## TASK TO COMPLETE
Skip the images and restate every line of the records exactly.

[Referring expression grounding data]
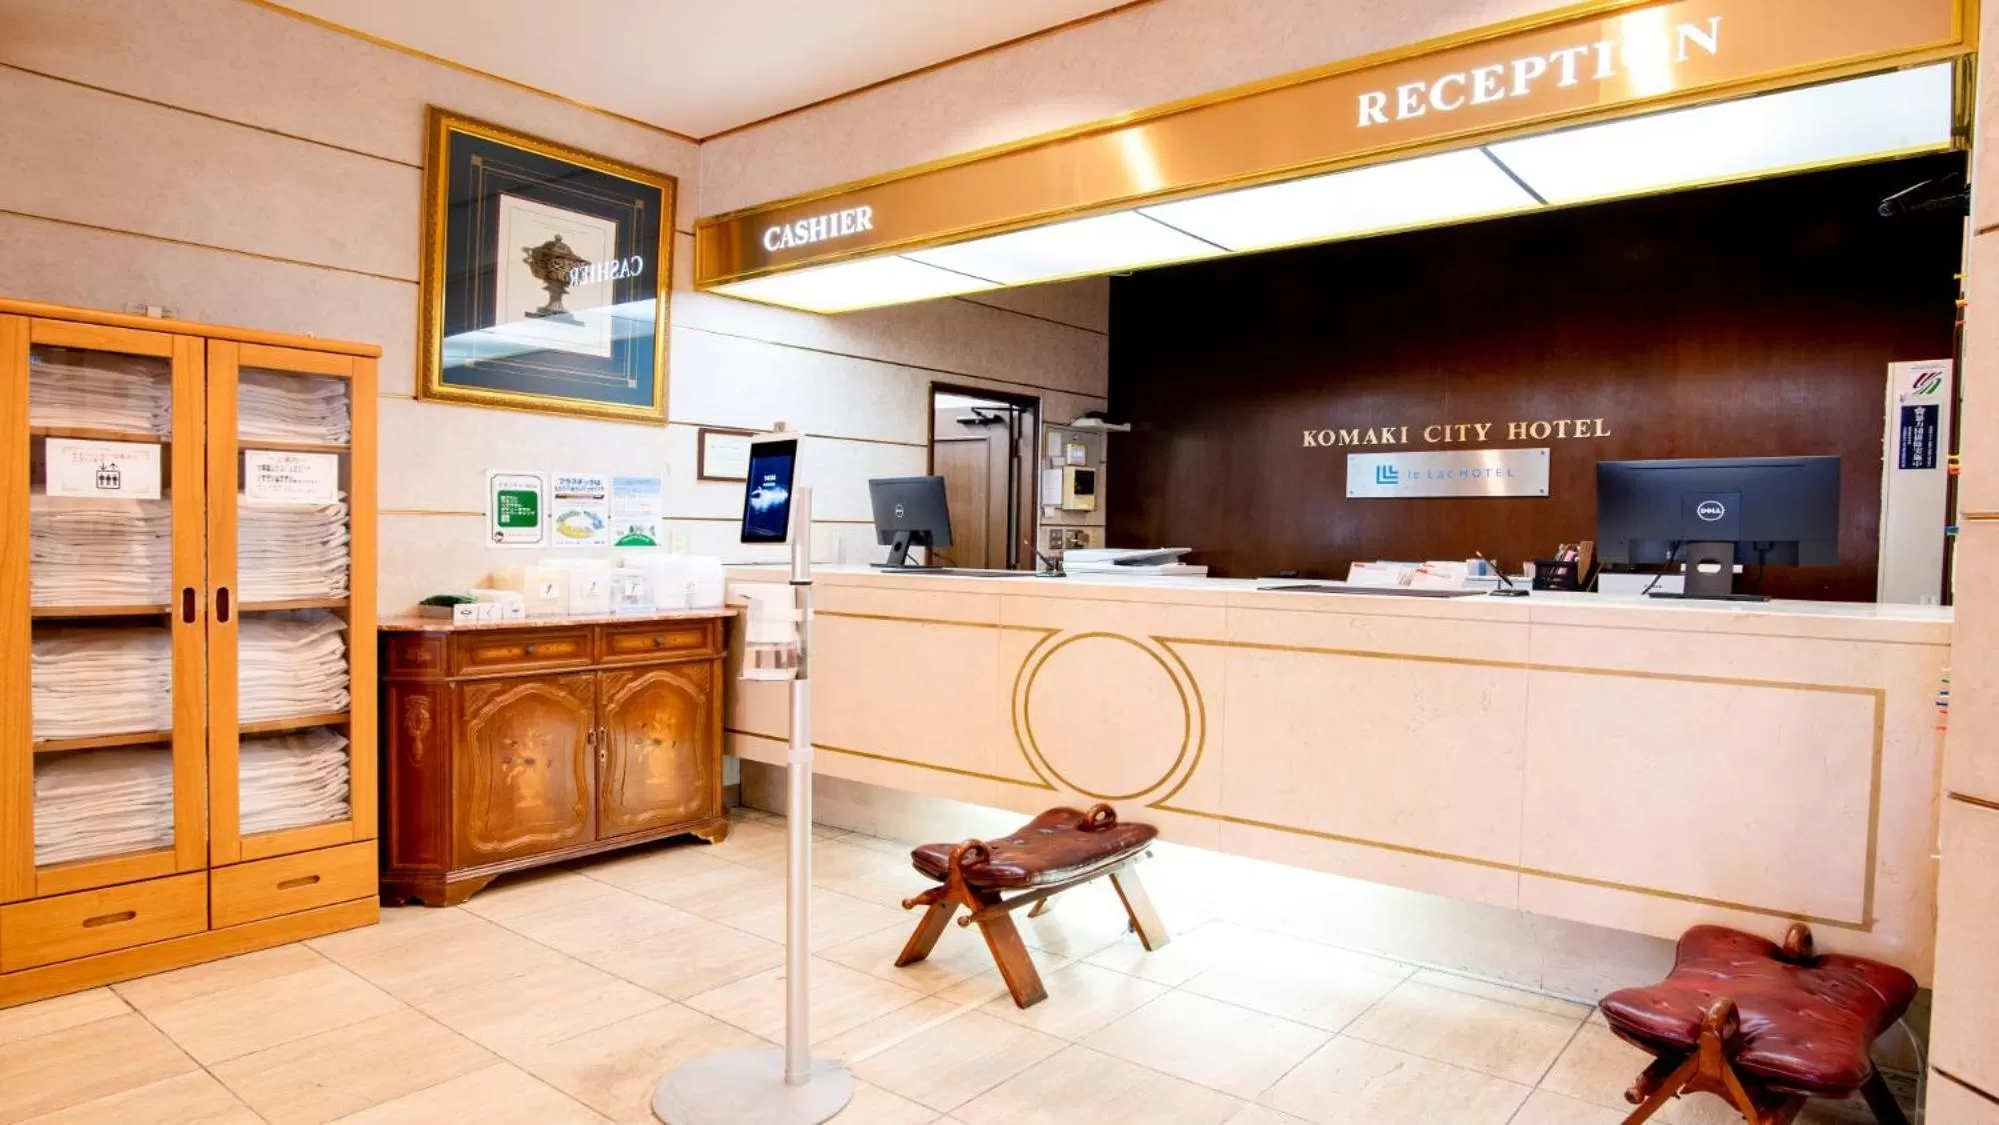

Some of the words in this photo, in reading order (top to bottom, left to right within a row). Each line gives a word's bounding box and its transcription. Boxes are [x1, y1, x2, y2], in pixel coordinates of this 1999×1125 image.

[1356, 16, 1722, 128] RECEPTIN
[762, 206, 873, 253] CASHIER
[1302, 427, 1409, 446] KOMAKI
[1423, 423, 1492, 443] CITY
[1508, 418, 1610, 441] HOTEL
[1459, 467, 1515, 479] HOTEL
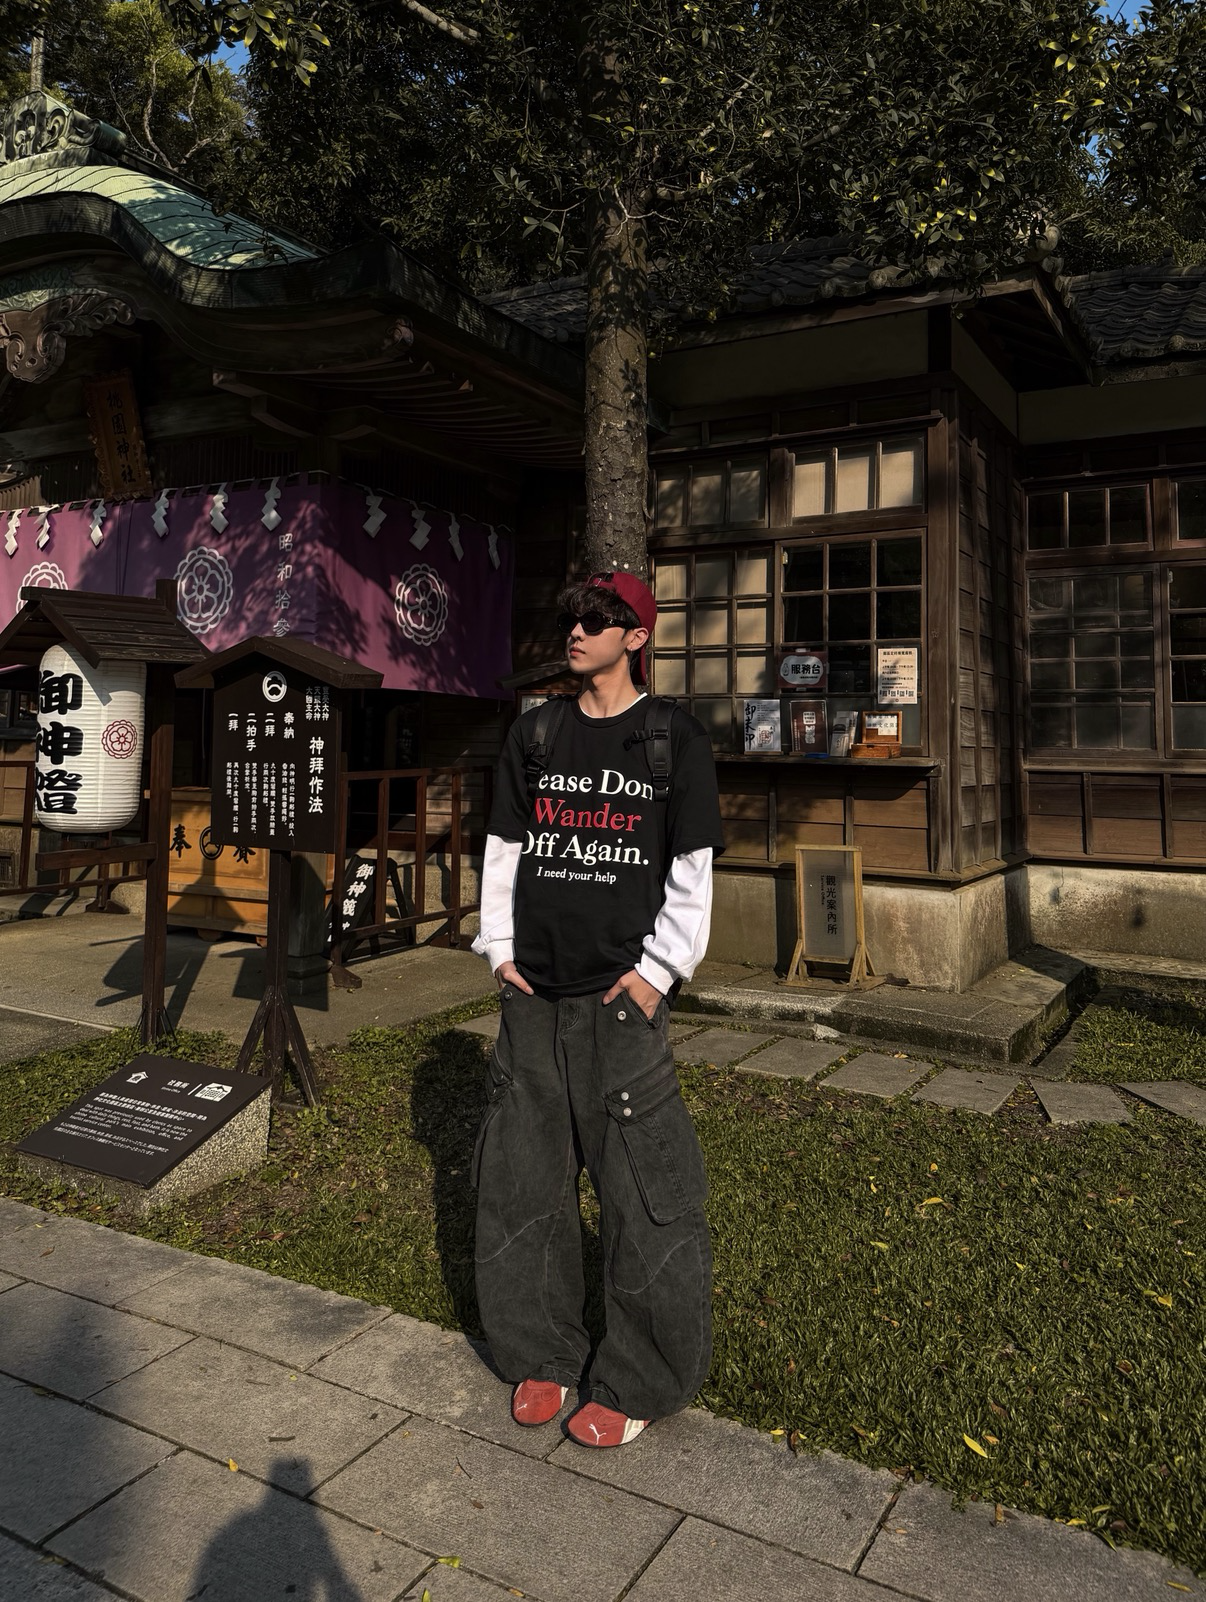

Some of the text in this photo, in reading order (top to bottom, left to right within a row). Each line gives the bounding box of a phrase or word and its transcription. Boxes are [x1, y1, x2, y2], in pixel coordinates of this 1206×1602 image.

[791, 664, 820, 674] 服務台
[246, 712, 258, 752] 二拍手
[283, 712, 295, 739] 奉納
[538, 769, 653, 800] ease Don
[535, 797, 642, 832] Wander
[560, 834, 650, 866] Again.
[536, 867, 617, 885] I need your help
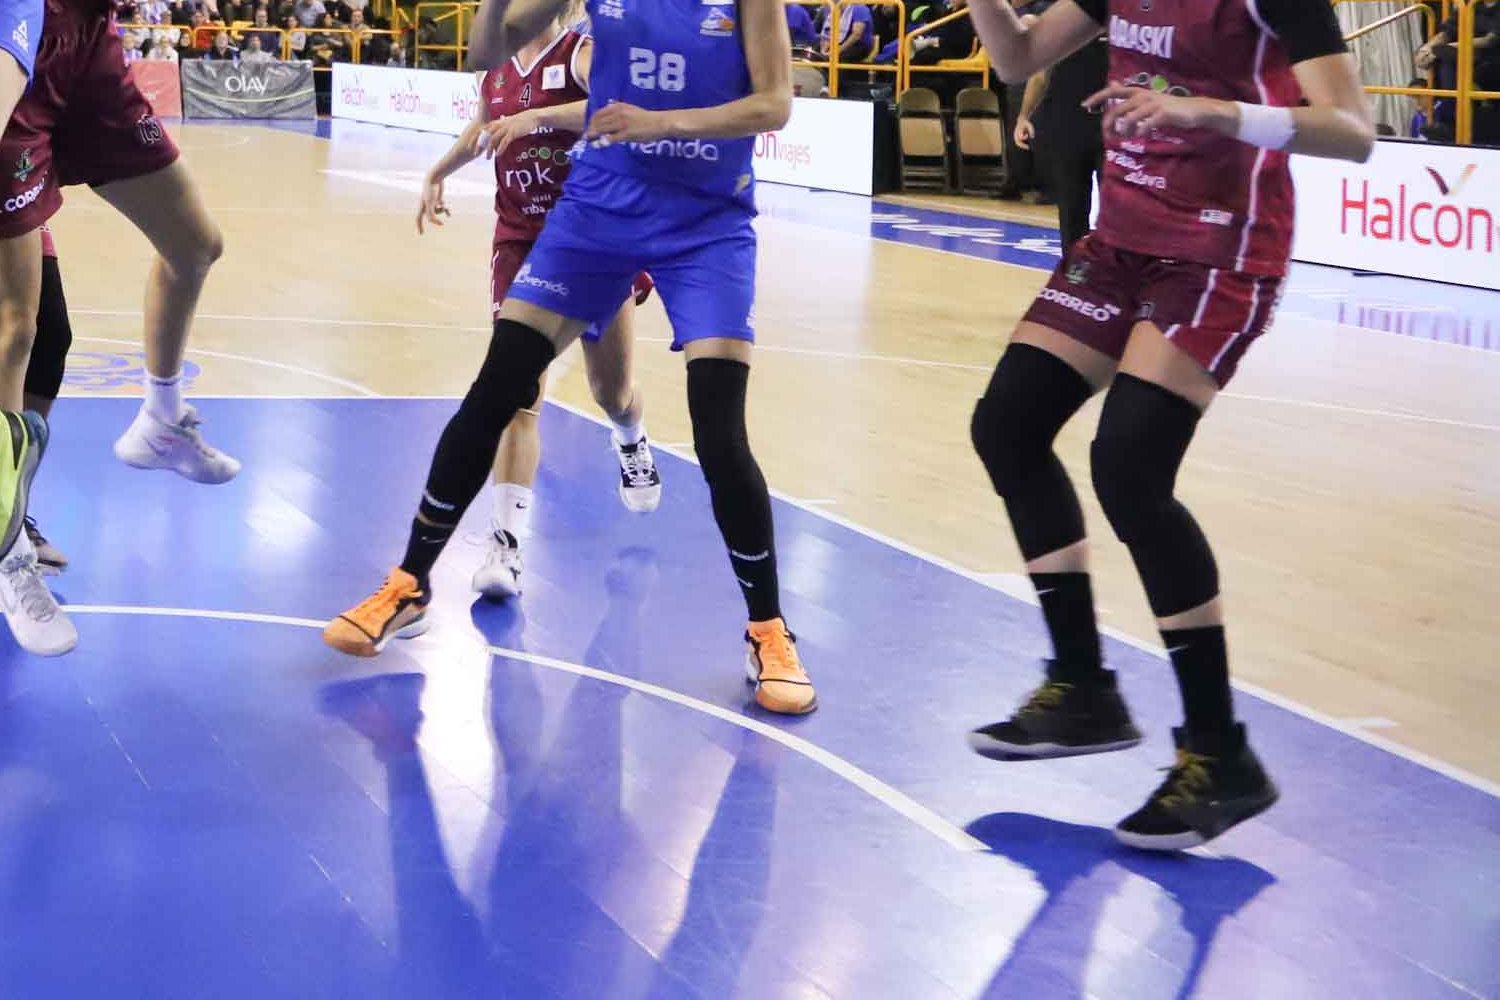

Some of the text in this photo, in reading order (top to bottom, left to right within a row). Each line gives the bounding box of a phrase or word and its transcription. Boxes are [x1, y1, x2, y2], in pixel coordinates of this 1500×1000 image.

[629, 46, 687, 92] 28
[519, 82, 532, 108] 4
[622, 138, 719, 161] venida
[505, 161, 554, 193] rpk

## WRITTEN SOLUTION
Some of the words in this photo, in reading order (top to bottom, left to right within a row). Each line gives a word's bounding box and its transcription. Boxes are [x1, y1, x2, y2], in pixel coordinates of this 1999×1125 image.

[1356, 16, 1722, 128] RECEPTIN
[762, 206, 873, 253] CASHIER
[1302, 427, 1409, 446] KOMAKI
[1423, 423, 1492, 443] CITY
[1508, 418, 1610, 441] HOTEL
[1459, 467, 1515, 479] HOTEL

Some of the text in this photo, in reading order (top to bottom, left to right within a row). Each line gives the bounding box of a phrase or word and its transcription. Boxes are [x1, y1, x2, y2], in pixel coordinates of this 1206×1602 image.

[791, 664, 820, 674] 服務台
[246, 712, 258, 752] 二拍手
[283, 712, 295, 739] 奉納
[538, 769, 653, 800] ease Don
[535, 797, 642, 832] Wander
[560, 834, 650, 866] Again.
[536, 867, 617, 885] I need your help

Some of the text in this photo, in reading order (top to bottom, left to right within a row). Each line gives the bounding box of a phrase or word and its transcription. Boxes are [x1, y1, x2, y2], in pixel coordinates of this 1500×1000 image.

[629, 46, 687, 92] 28
[519, 82, 532, 108] 4
[622, 138, 719, 161] venida
[505, 161, 554, 193] rpk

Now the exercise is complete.